Ideas to Curb Surprise Medical Bills Percolate with Rare Bipartisan Push - arkades
https://www.healthleadersmedia.com/finance/ideas-curb-surprise-medical-bills-percolate-rare-bipartisan-push
======
arkades
I'd be really happy to see surprise billing come to an end. I'm not sure
there's a good of way doing it, though. There's a fundamental tension:

(1) People often need care quicker than their financial and insurance
situation can be established. Insurance companies love to deny claims
_retroactively_ , which by definition won't hit people until well after
necessary care has been provided. Requiring pre-authorization for _everything_
from insurers is a huge problem, in terms of time, illegitimate denials, and
the amount of overhead it creates for providers (having to hire staff just to
sit on the phone with insurers all day.)

(2) This creates an incentive to provide minimal care to folks. If the
provider or hospital is left entirely on the hook for eating the cost of a
denied claim, and can't ethically deny care, the result is going to be pretty
much everyone getting the same care that homeless folks coming in off the
street get: absolute minimum care necessary to stabilize, then get out.

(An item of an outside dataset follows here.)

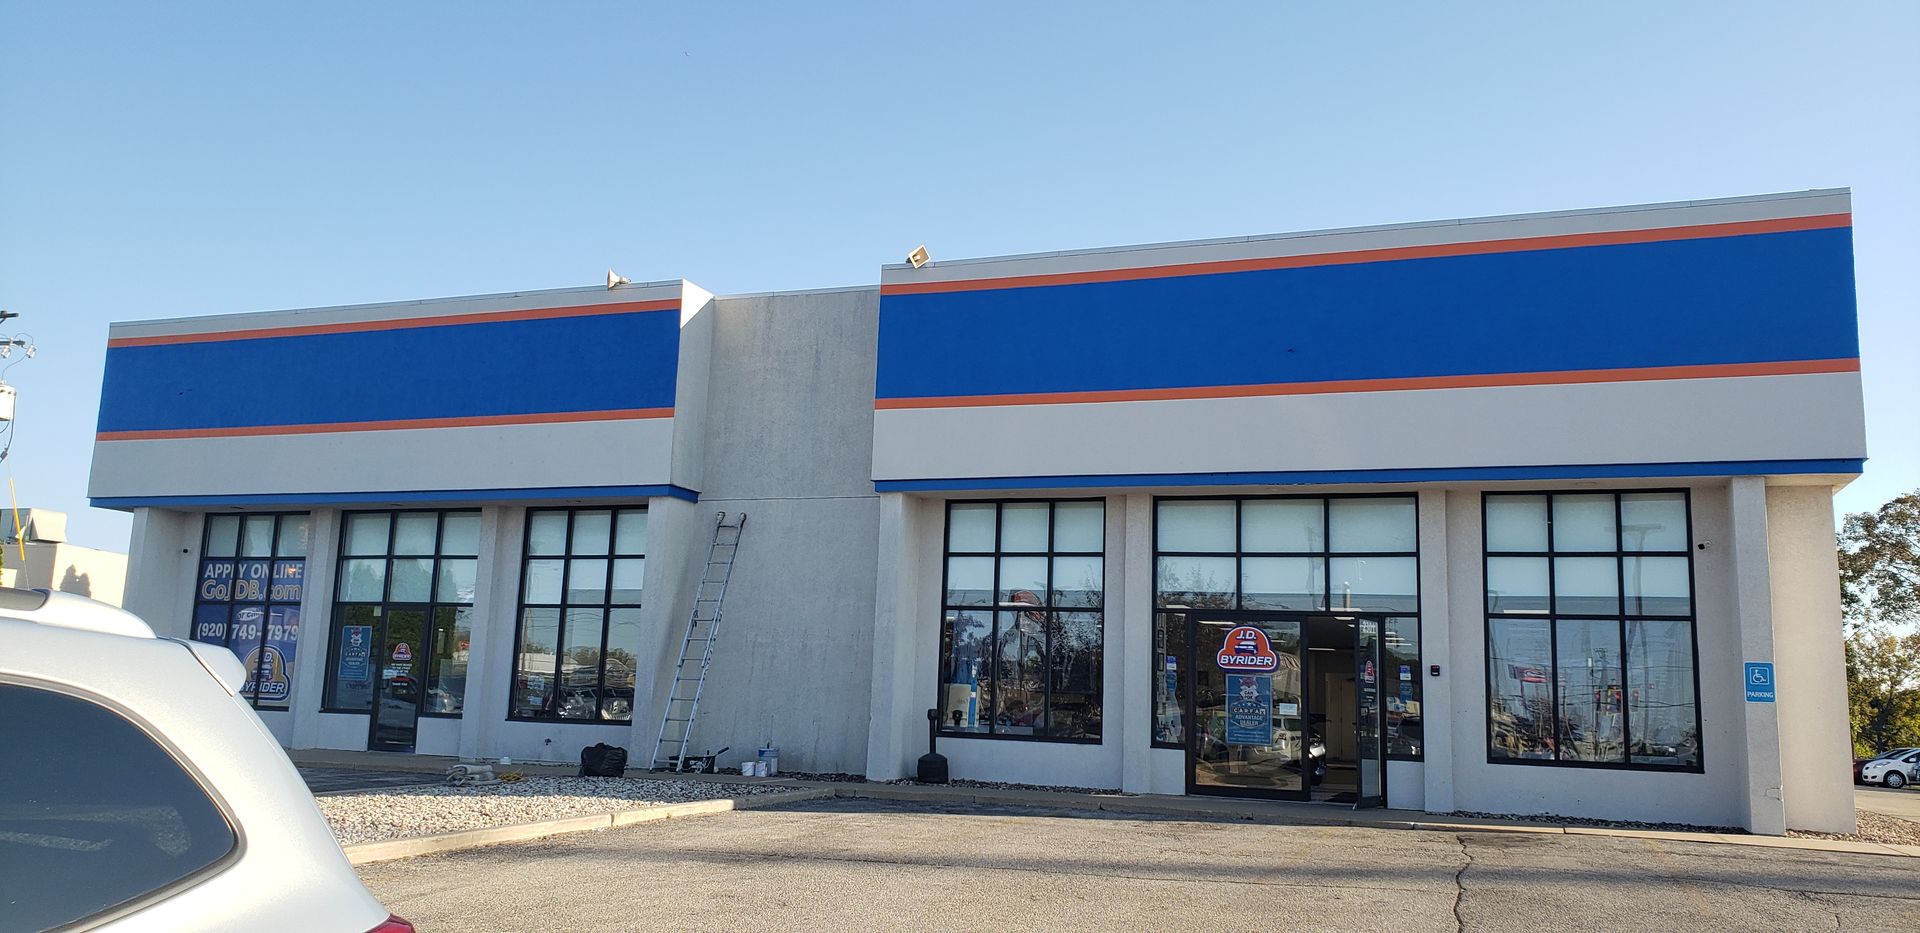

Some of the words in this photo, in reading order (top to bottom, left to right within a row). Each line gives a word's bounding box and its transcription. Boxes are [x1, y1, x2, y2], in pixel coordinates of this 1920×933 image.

Go
spend a week sorting out your pre-authorizations, and then come back. This is
the effect you'd get from the Cassidy bill, Hassan, or Doggett.

(3) This creates a serious amount of leverage for insurers. Right now, part of
what keeps insurers at least somewhat in check is that providers refusing to
participate in their networks requires insurers to negotiate reimbursement
rates to attract physicians, in order to attract patients. Patients won't go
to out-of-network providers due to the expense. In this instance, the insurer
can cut back on the number of providers in their network. Patients will avoid
out of network care as long as they can, eventually present in an emergency,
and score in-network prices anyway - which means the insurer gets to pay for
fewer visits at reduced costs, while being able to negotiate reduced
reimbursement rates all around.

Every single one of these proposals basically says "if anything happens, the
provider eats it." There's not a single mechanism included to share the "eats
it" with the insurer, or to prevent insurer abuse. This creates a major
incentive for insurers to game the system to shift their costs to providers,
by aggressively denying even more claims, knowing that there won't be any
consumer backlash for it.

Part of this has to do with trying to protect emergency coverage. I think the
ACA already covered this reasonably well, and it's just a clause that needs to
be vigorously defended: __all emergency room care is in-network, period __.
But this was laid at the feet of insurers. I 'm somehow less than shocked that
the new round of bills seeks to shift the entire burden, emergency or not,
from insurers to providers... despite the fact that the "surprise" component
of surprise billing is almost entirely a function of insurer behavior.